Indeed, there is nothing that is not under the umbrella of his sovereignty. Even the rain that I supposed was formed without divine supervision is created by God and under his direction and control (Zechariah 10:1; Psalm 147:8). It is God who causes it to rain on both the just and the unjust (Matthew 5:45; Acts 14:17), and according to Amos 5:8, even the evaporation of water from the ocean in order to form rain over land happens expressly at his direct command. At times, he directly sends rain to one city, while specifically withholding rain from another (Amos 4:7; 2 Chronicles 7:13). If our Father directly controls even the rain, should not we relish his control over everything else as well? Paul said in Acts 17 that God made every nation of men and that God (not humans) “determined the times set for them and the exact places where they should live” (v. 26 NIV). Every detail is included! Psalm 104:14 shows us that God “causes” even the grass to grow. The incredible breadth of this glorious truth is magnificently encapsulated in Psalm 119:91, which declares that “all things are his servants.” Indeed, we should join with Paul in exalting our God who “works all things according to the counsel of his will!”

Because God’s providence is consistent and reliable, the normal dependability of the natural order of things often causes us to fail to ascertain that our God is actually in control of all these details. God tells us that he makes the sun rise each morning (Job 38:12; Amos 5:8), but this particular providence is so predictable that we usually fail to offer him either credit or thanksgiving for this daily event. However, when what we perceive as the natural, expected order of nature is altered, we have little difficulty attributing what we term a miracle to the hand of God. When Jesus walked on the water, healed lepers, and changed ordinary water into superior wine, such actions defied the normal and are correctly recognized as miracles from the hand of God. Likewise, we also recognize the hand of God in miracles that we experience today. When sparrows fly overhead, however, we must know that this is no less from the hand of our God!

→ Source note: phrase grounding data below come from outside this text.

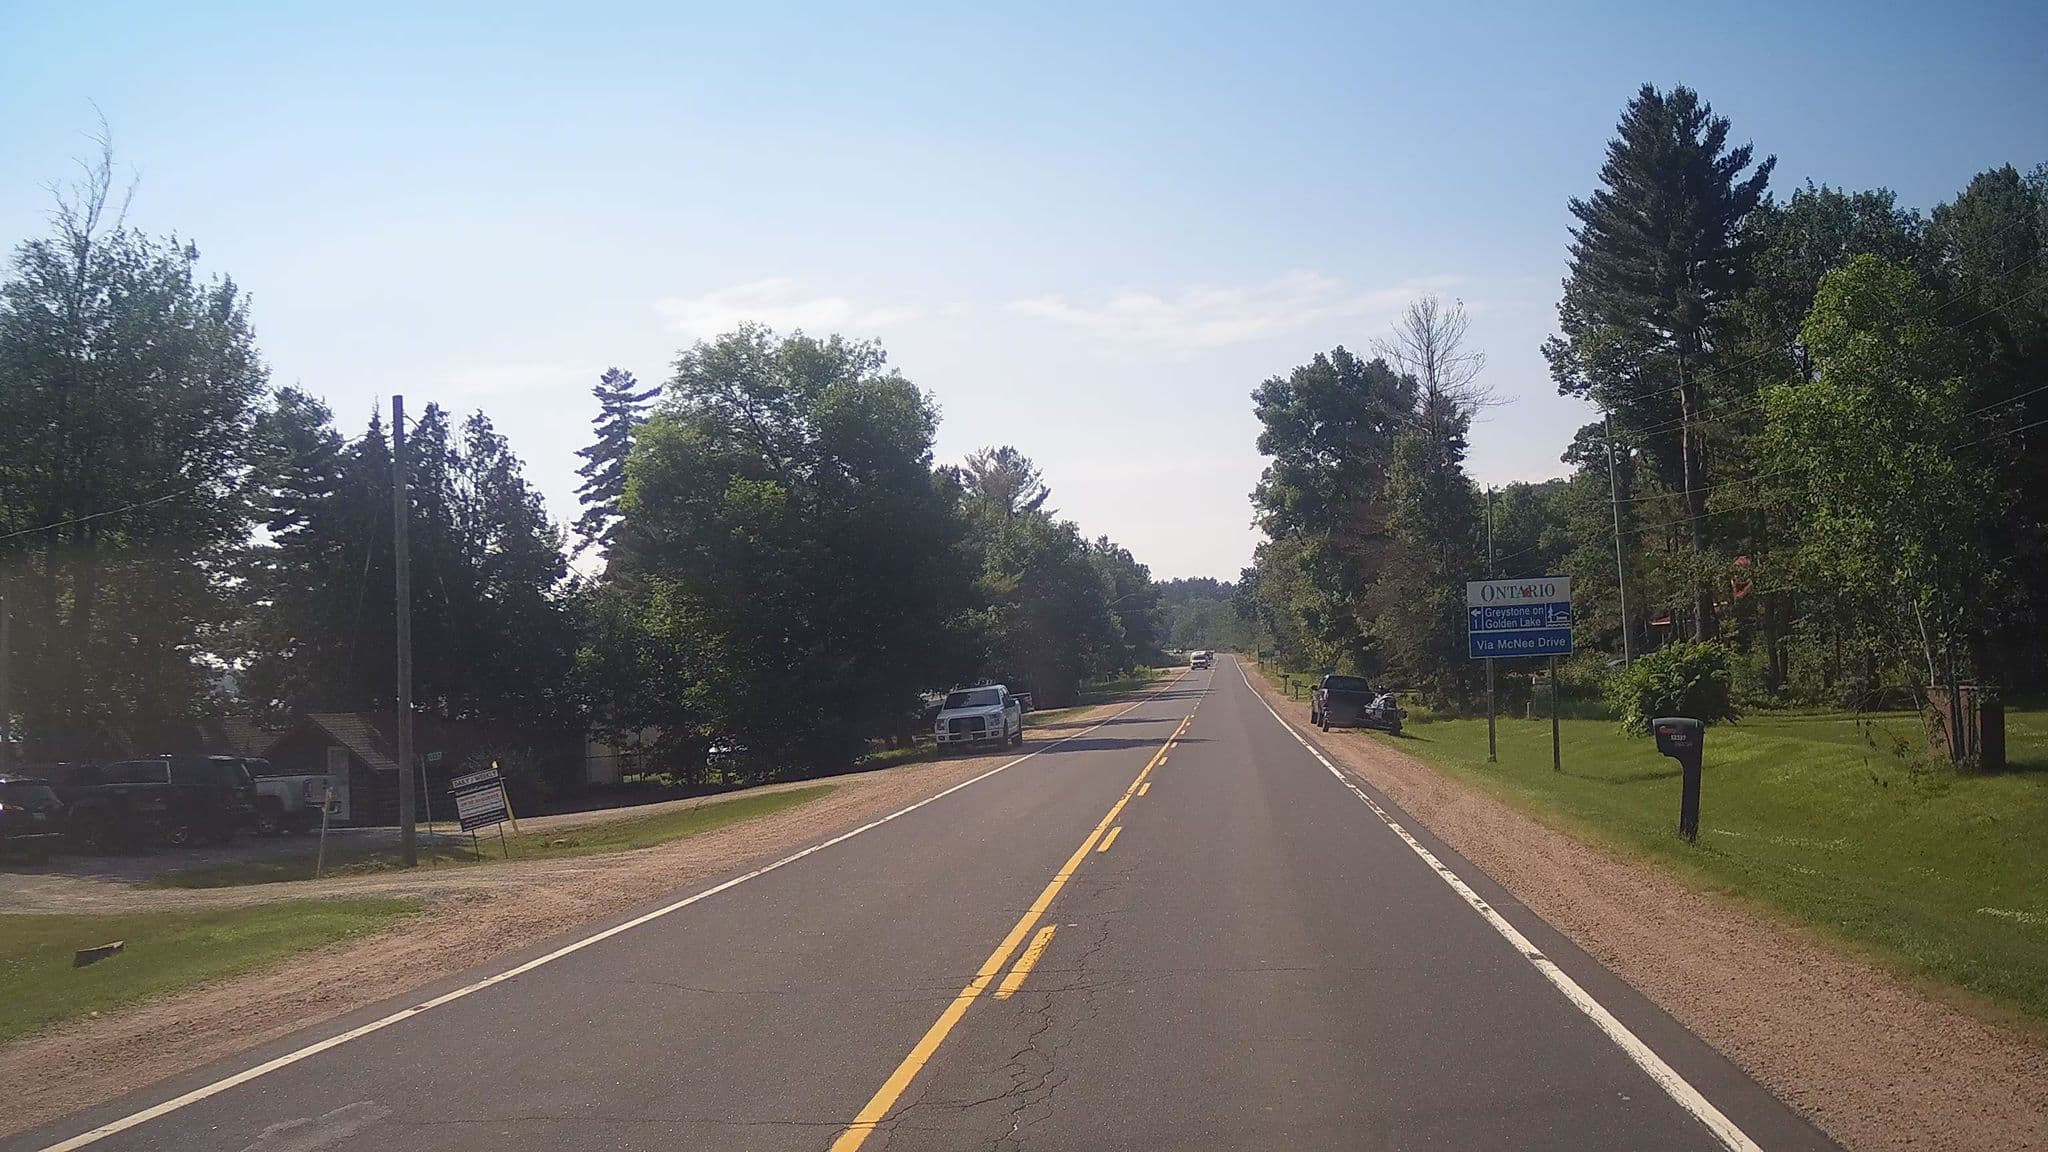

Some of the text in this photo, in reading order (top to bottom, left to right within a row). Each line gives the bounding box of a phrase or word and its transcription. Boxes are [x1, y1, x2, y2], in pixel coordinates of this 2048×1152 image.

[1481, 584, 1555, 602] ONTARIO
[1485, 607, 1544, 619] Greystone on
[1485, 617, 1541, 629] Golden Lake
[1477, 637, 1566, 650] Via McNee Drive
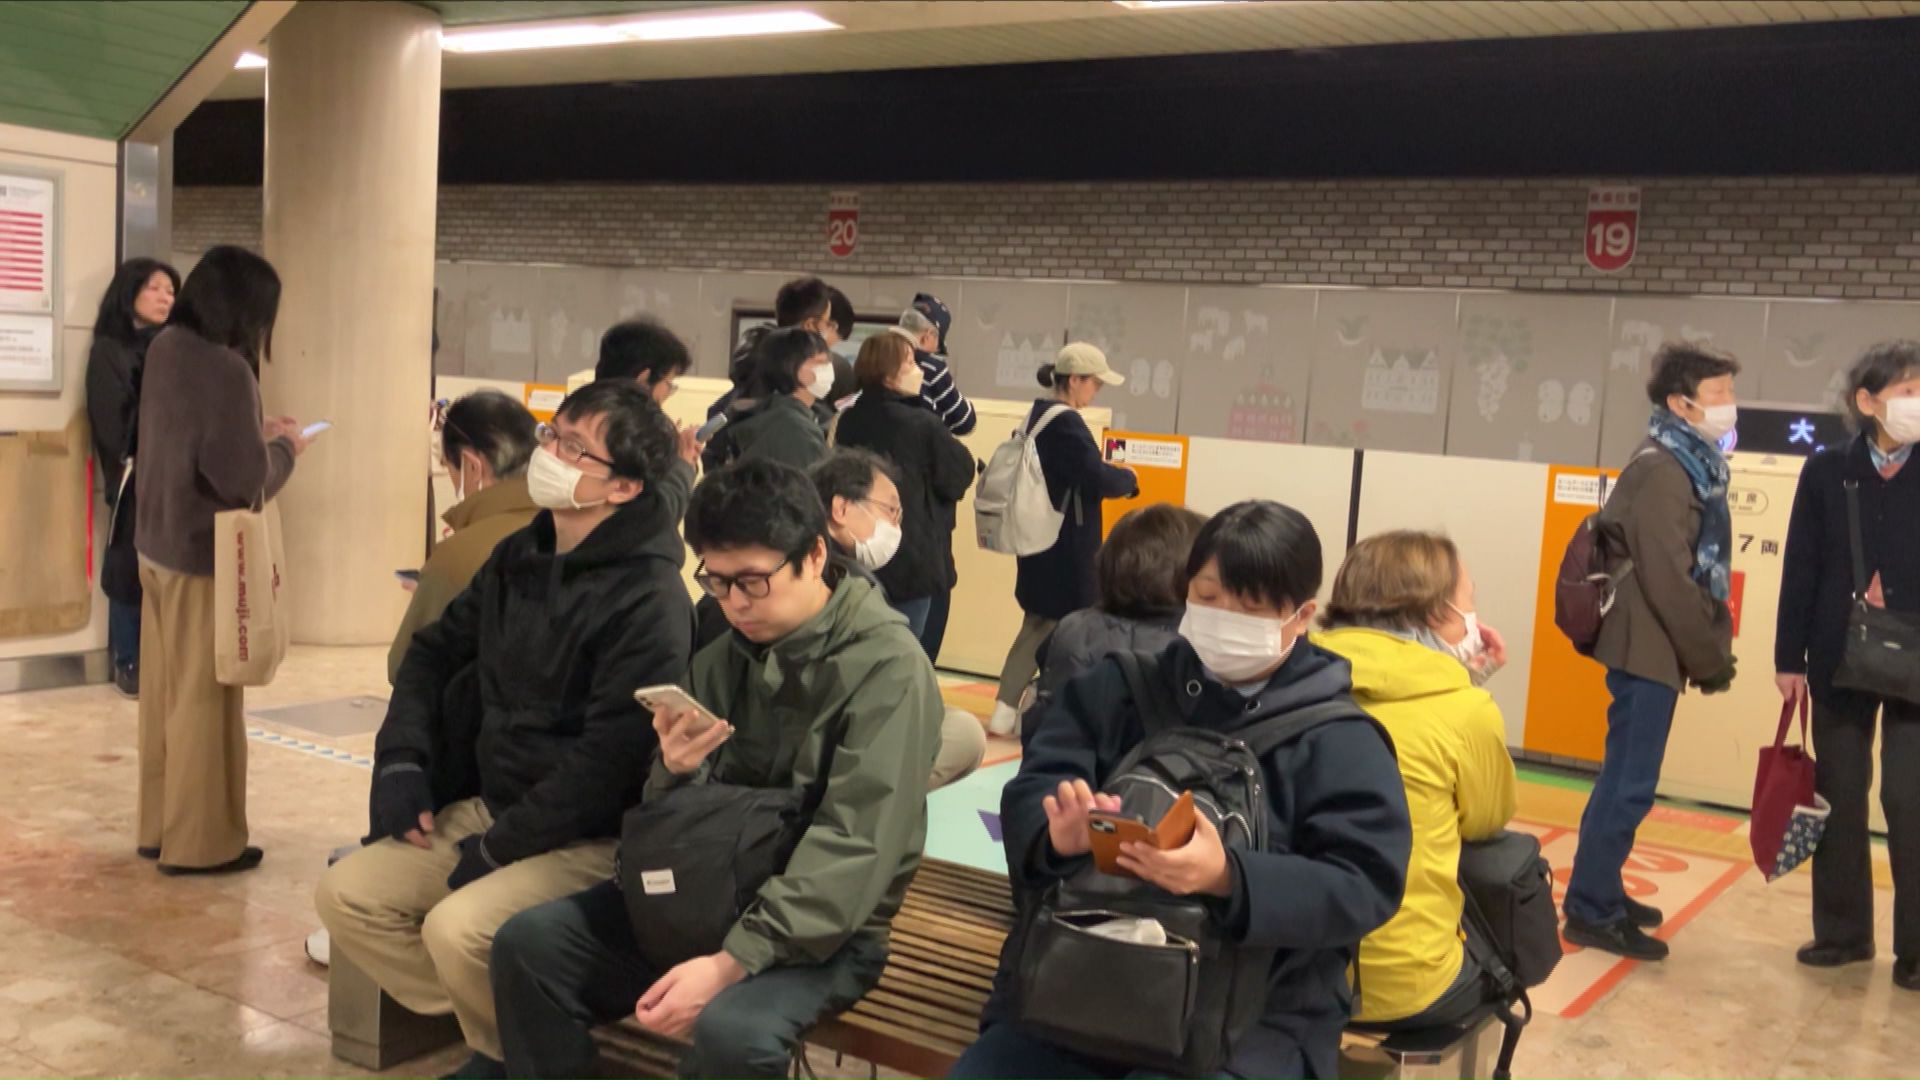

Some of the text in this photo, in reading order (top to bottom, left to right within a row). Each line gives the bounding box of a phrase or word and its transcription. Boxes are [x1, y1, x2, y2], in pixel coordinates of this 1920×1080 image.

[830, 219, 857, 246] 20
[1591, 222, 1630, 256] 19
[1788, 418, 1815, 443] 大
[236, 531, 250, 662] www.muji.com

We make a great mistake when we attribute what we call miracles to God but deny his involvement in everything else in our lives. Our God is the author of both the miraculous and the mundane, and this is a realization that will revolutionize our walk with our Father. In fact, as far as it concerns God, there is little difference between the simple and the spectacular since he is in equal control of one as well as the other, both are integral parts of his purpose, and neither taxes his infinite abilities any more than the other. We rob ourselves of the security of our Father’s love when go through life waiting and hoping for God to intervene with the supernatural yet fail to appreciate his hand in the details of our daily existence. It is common for people of our day to label an unusual event that they perceive to be a good thing as “a God thing.” Doubtless there are indeed many “God things” in our lives. Our error is to attempt to compartmentalize those things that we will choose to allow to be “God things” while refusing to acknowledge God’s involvement in those things we perceive as less than spectacular.

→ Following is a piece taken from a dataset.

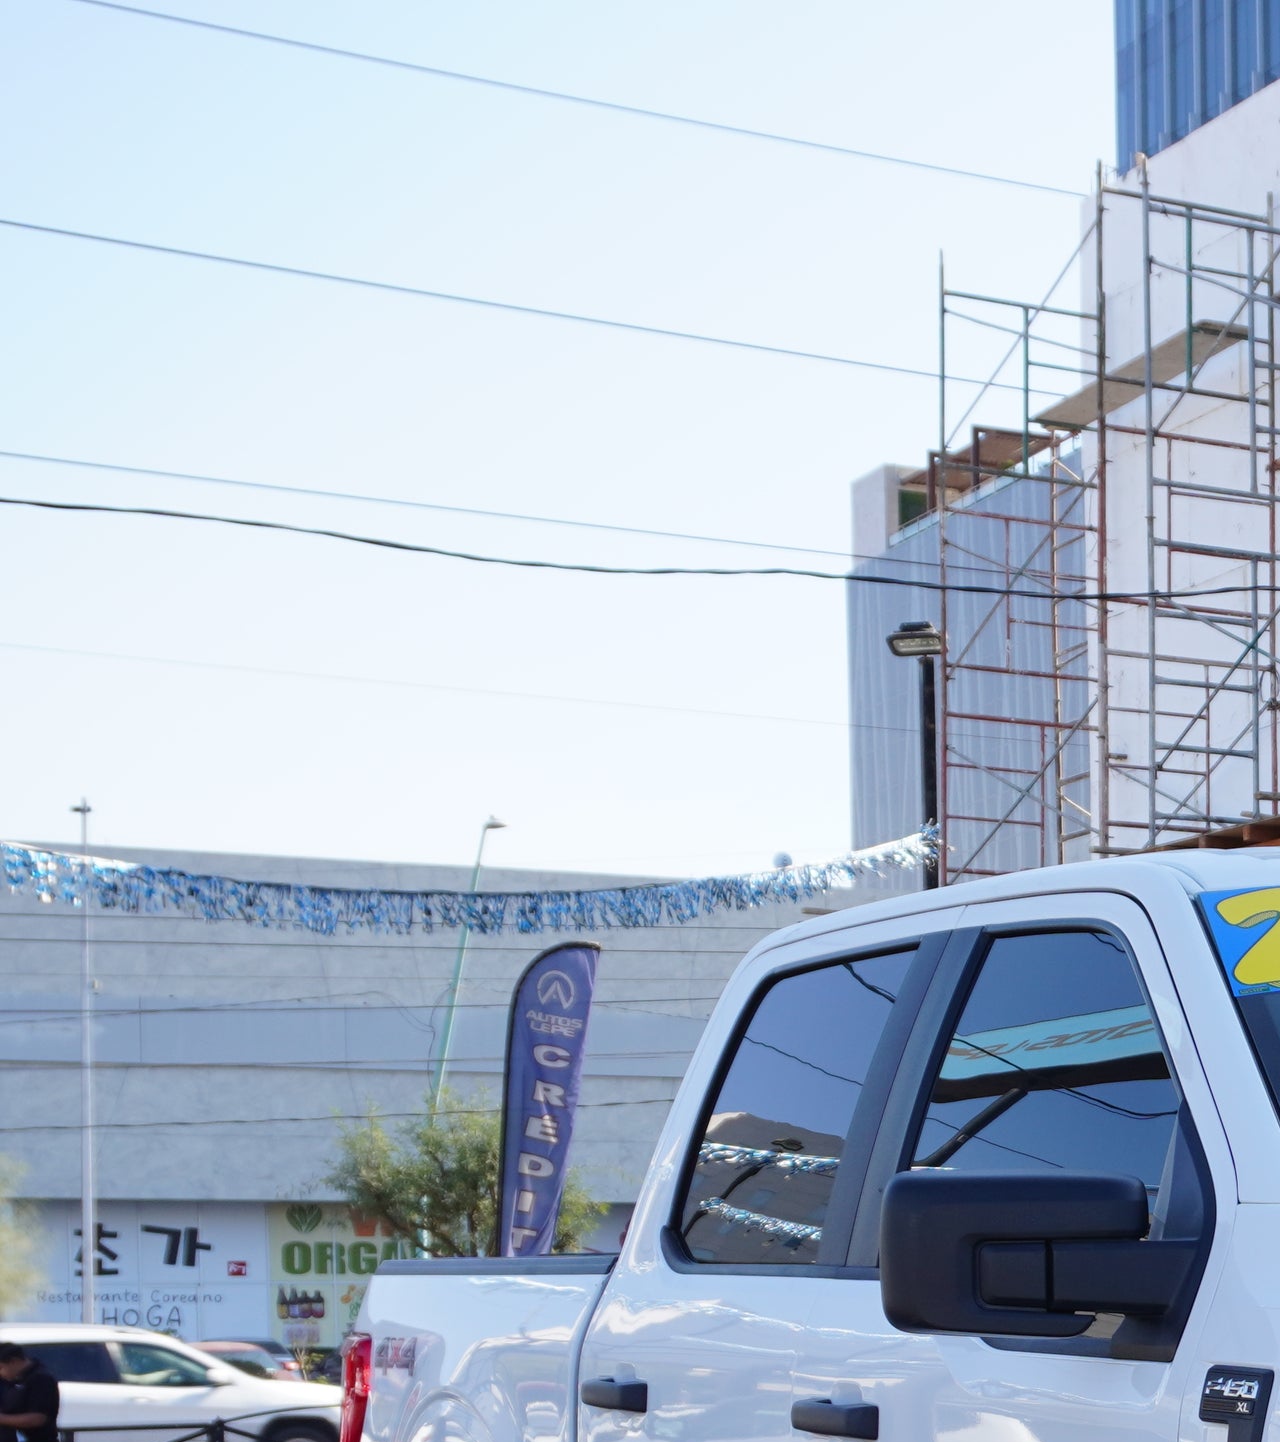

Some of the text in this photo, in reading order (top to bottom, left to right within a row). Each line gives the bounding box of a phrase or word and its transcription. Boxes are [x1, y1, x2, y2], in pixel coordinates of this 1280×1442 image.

[526, 1009, 583, 1029] AUTOS
[530, 1020, 576, 1038] LEPE
[37, 1287, 223, 1304] Restarante Coreano
[1236, 1402, 1249, 1413] XL

Too often do we hear people quote James 1:17 and claim that because “every good and perfect gift comes from above,” we can therefore know that anything we humans consider or label “good” comes from God, and likewise anything we humans consider or label “bad” comes from Satan. Or, it may be suggested that the “bad” happened because God was either absent or uninvolved. However appealing it may seem at first glance, such reasoning is illusory for several reasons. Firstly, as C. S. Lewis masterfully and poignantly portrayed through the actions, attitudes, and words of the Green Lady character in his novel Perelandra, we humans actually have a tremendously flawed concept of what is “good” and what is “bad.”6 Indeed, we often may perceive a gift from our Father’s hand as “bad” when it is actually his sovereign method of lovingly working for our own good.

Secondly, this is a shallow, ineffectual theology that strips God of his sovereignty and thereby robs us unnecessarily of our comfort and faith in troubled times. God refuted this poor theology directly in Isaiah 45:7, where he said, “I form light and create darkness, I make well-being and create calamity, I am the Lord, who does all these things.” The psalmist exalted in the fact that our Father turns deserts into pools of water and at other times turns flowing springs into deserts (Psalms 107:33, 35). It is God who makes people to be mute, deaf, seeing, or blind, according to what he told Moses in Exodus 4:12, and it is he who both opens and closes women’s wombs, thereby either creating life or not, according to his own purpose and timetable (Genesis 20:18; 29:31; 30:22; 1 Samuel 1:5–6). Moreover, in 2 Chronicles 15:6, God is said to “trouble them [the Israelites] with every kind of distress” or to “vex them with all adversity” (KJV), and he actually says that he may “send pestilence among his people” (2 Chronicles 7:13). This same concept is also clearly seen in Ecclesiastes 7:14, Micah 1:12, Job 42:11, Jeremiah 44:2 and 42:10, Hosea 5:14–15, and Isaiah 31:2 and 47:11. In fact, Amos 3:6 teaches us that calamity cannot come apart from the Lord’s command: “Does disaster come to a city, unless the Lord has done it?” Jeremiah summarized this principle poetically in Lamentations 3:38 (NIV) with the following words: “Is it not from the mouth of the Most High that both calamities and good things come?”

We must not, therefore, attempt to remove from God his rightful glory and throne by suggesting that he must not be actively involved in governing our lives and circumstances merely because we feel that something that is happening to us is “bad” as judged by our limited, flawed perception. We can learn from Psalm 71:20, in which the psalmist pronounced: “You who have made me see many troubles and calamities will revive me again.” This is a firm declaration that God is sovereign over our circumstances, and while he may well make us see trials for his purpose and our good, he nevertheless will certainly revive us. Here again, we must recognize that God “works all things according to the counsel of his will” and find great contentment and rest in this profound realization.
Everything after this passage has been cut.